Romney's speech continued, according to a transcript published by The New York Times:
“The attack on our consulate there on September 11th, 2012, was likely the work of forces affiliated with those that attacked our homeland on September 11th, 2001. This latest assault can’t be blamed on a reprehensible video insulting Islam, despite the administration’s attempts to convince us of that for so long. No, as the administration has finally conceded, these attacks were the deliberate work of terrorists who use violence to impose their dark ideology on others, especially on women and girls; who are fighting to control much of the Middle East today; and who seek to wage perpetual war on the West.”
Romney has questioned Obama's response to the Libya attack before. The day after the attack, Romney claimed Obama and his administration "sympathize with those who waged the attacks."
On Syria, Romney said that he would not only support the Syrian rebel mission, but arm and train them. The Obama administration has not provided arms to the rebels.
According to the transcript of his remarks, Romney said, "In Syria I’ll work with our partners to identify and organize those members of the opposition who share our values and then ensure they obtain the arms they need to defeat Assad’s tanks helicopters and fighter jets."

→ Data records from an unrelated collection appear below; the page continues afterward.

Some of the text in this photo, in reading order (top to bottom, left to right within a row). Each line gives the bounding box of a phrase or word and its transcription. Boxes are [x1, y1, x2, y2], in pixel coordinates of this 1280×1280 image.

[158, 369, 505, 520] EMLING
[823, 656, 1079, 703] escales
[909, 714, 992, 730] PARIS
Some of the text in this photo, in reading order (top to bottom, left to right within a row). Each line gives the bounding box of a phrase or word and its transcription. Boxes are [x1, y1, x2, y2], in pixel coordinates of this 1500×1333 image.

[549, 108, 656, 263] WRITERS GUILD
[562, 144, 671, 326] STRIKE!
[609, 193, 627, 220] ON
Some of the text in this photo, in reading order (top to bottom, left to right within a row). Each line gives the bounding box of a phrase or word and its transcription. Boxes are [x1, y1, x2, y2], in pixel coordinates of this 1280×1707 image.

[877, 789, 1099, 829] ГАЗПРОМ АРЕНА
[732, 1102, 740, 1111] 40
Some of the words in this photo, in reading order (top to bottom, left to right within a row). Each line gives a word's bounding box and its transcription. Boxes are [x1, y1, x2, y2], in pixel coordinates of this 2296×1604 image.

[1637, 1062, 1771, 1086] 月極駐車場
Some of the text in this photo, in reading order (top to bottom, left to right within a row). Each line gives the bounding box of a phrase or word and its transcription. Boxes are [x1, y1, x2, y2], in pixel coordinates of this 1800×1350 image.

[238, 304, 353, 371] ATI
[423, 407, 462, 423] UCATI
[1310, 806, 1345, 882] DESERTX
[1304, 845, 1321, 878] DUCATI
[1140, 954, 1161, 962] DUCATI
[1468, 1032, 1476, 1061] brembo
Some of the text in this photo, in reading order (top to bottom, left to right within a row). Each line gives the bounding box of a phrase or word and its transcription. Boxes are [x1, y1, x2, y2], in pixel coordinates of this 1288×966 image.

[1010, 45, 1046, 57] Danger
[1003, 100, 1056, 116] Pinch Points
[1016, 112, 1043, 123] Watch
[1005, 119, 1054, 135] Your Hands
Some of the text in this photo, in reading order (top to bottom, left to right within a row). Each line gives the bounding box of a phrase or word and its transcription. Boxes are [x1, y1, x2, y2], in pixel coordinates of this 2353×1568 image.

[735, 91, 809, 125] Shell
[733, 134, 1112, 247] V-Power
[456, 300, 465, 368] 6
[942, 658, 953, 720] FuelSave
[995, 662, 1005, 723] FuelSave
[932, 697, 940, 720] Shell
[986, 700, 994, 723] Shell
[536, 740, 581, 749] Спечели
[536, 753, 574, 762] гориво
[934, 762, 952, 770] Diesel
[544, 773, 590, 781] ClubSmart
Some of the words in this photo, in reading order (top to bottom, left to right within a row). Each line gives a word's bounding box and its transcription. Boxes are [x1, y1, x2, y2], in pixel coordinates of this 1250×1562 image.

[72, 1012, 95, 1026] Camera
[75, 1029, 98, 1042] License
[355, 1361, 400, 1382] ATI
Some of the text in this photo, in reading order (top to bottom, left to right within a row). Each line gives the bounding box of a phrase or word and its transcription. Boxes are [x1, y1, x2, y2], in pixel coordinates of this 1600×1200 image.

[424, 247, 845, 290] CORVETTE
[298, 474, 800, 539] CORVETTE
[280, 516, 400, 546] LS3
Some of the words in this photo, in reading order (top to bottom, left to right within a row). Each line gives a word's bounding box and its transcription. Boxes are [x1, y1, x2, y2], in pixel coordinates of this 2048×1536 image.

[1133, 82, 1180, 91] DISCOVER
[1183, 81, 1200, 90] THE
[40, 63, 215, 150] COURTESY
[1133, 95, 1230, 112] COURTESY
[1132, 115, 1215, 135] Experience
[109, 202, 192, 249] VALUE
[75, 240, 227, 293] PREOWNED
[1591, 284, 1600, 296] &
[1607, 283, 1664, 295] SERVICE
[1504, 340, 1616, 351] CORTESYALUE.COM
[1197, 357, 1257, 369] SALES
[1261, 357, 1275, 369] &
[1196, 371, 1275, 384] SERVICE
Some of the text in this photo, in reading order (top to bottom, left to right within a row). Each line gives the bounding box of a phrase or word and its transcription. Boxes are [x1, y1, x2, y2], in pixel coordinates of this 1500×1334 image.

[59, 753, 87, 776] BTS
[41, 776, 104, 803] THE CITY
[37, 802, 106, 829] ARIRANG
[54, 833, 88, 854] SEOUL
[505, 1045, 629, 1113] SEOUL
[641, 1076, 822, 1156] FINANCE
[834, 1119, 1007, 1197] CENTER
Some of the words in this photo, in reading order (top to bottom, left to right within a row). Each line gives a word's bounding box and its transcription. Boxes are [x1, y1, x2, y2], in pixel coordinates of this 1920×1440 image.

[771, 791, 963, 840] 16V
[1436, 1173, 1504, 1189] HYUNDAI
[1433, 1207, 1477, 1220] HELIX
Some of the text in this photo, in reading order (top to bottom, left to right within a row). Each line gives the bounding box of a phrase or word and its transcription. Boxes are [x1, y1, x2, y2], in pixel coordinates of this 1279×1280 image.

Romney also put Iran "on notice," saying that the US and their allies must "prevent [Iran] from acquiring nuclear-weapons capability."
Romney's speech acts as a precursor to the upcoming second presidential debate on Oct. 16, where foreign policy will be a main issue.
Following the first presidential debate on Oct. 3, Romney saw a small bump in the polls. According to a Reuters/Ipsos poll, Romney picked up 2 more points, putting him at 45 points to Obama's 47.
The Obama campaign blasted Romney's speech, calling it full of "heated rhetoric" and "chest-thumping" but short on detail.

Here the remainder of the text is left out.